まぁ強すぎてデバフなんてかけられても意味ないんだけどね。
「はぁ、やれやれよね。待ってなさい、より強い封印してあげるわ」
「ま、待ってください! これには訳がありまして!」
「まてまて、なんでか寿命が3日伸びたんだ。このまま封印したら元に戻っちまうぞ」
「あー、ナルホドね。300年の封印から解き放った善い事とそんな化物エルフを解き放った悪い事で相殺されてプラス3日になったのね。仕方ないから聞いてあげるわ、早くして頂戴よ」
「いいんですか! ありがとうございます!」
よほど自分の力が通用しないことに恐れをなしたのか土下座をして感謝をしだす金髪エルフ。
土下座ってのは力があるな……
何やら深い事情がありそうだし聞いてみることにした。
「……というわけなんです」
「あぁ……そう、」
「気持ちは分からなくはないけどそれはどうなの?」
詳しく話を聞いた結果、とても微妙な気持ちになった。
このエルフの名前はユリヤと言う。
ユリヤは産まれ付き身体が弱く、何時も家に引きこもり友達と遊ぶことさえできなかったようだ。
そんなある日エルフの里に1人の僧侶が現れ体を強くする所謂バフ魔法を教えてくれたらしい、そのバフ魔法のお陰で外で遊ぶことができるようになり、幸せに暮らしていた。

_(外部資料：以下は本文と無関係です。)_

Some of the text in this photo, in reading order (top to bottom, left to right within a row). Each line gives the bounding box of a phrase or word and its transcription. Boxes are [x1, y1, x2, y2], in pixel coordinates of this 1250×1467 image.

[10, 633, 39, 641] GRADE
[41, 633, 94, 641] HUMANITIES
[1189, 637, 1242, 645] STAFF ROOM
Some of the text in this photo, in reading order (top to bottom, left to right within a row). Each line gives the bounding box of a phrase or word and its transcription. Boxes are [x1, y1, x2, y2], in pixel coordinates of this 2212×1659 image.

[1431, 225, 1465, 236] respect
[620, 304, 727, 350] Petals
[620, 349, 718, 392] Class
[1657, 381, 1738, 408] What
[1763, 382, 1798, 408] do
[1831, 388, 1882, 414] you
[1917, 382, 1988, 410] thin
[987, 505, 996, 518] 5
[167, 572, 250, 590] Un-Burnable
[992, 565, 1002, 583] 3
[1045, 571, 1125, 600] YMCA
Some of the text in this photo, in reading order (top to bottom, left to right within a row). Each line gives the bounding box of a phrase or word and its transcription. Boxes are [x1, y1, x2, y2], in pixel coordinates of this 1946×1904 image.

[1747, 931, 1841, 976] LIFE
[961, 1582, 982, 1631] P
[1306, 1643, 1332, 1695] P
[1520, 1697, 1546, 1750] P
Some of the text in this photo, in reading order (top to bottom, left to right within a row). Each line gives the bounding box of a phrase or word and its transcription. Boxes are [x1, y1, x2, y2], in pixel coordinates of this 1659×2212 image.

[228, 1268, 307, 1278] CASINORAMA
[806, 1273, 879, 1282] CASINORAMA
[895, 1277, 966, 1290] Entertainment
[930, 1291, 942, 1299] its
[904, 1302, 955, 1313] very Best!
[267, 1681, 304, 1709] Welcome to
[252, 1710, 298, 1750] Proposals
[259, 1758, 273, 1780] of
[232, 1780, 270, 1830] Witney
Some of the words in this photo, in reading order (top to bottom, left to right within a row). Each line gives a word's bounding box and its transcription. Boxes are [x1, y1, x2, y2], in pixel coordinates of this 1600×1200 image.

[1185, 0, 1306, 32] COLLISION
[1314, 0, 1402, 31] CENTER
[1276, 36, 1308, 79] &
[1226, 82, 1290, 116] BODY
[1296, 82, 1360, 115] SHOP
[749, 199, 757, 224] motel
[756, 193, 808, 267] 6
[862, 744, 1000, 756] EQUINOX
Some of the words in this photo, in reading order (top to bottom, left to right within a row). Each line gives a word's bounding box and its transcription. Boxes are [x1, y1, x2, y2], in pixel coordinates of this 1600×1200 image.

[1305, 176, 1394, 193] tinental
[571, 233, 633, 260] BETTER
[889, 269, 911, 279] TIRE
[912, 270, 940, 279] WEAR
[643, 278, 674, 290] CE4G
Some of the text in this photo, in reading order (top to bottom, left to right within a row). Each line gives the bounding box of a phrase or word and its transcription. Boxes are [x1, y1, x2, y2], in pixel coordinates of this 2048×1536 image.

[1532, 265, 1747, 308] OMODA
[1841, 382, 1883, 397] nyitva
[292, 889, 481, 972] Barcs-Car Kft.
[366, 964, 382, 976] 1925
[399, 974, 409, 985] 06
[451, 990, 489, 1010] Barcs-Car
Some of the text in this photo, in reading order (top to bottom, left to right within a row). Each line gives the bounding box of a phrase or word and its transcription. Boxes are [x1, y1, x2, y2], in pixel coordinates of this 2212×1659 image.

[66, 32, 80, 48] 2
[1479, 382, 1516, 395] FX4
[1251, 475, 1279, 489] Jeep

だが常日頃から身体にバフをかけ、魔法が馴染みやすいエルフの身体が異変をきたしてしまい……。
とんでもないマッチョになってしまったらしい。
「そうなんです……そのせいで! ワタシはエルフの里から迫害されて……!」
「でも今はその……胸が大きいだけでふつうの可愛らしい見た目してると思うのだけど?」
「はい、それからこの見た目を抑えるため、悪魔に騙されて買った弱体化の魔石を使ったらまたしても魔法が身体に融合してしまいこんなことに」
なんというか……不幸なエルフだ。
それで弱体化の霧が身体から溢れるようになり封印されたということらしい。
「なるほどね、じゃあ簡単なことじゃない! マサルがスキルで解呪してあげればもう封印されることはないわね。それに善い事をして寿命も伸びるし一石二鳥だわ!」
「あ、なる。よし、スキル発動『解呪』」
「ちょ! ちょっとまってくだ……」
BOM!
『解呪』を発動し、弱体化の魔石を無効化すると。
そこには金剛石のごときマッチョがいた。
最強の男、マサル
残り寿命、2日と5時間(エルフ解放で3日プラス、全裸にしたためマイナス1日)
命の負債、《1万年》
漬物の神様でカヤノヒメという神がいらっしゃいます。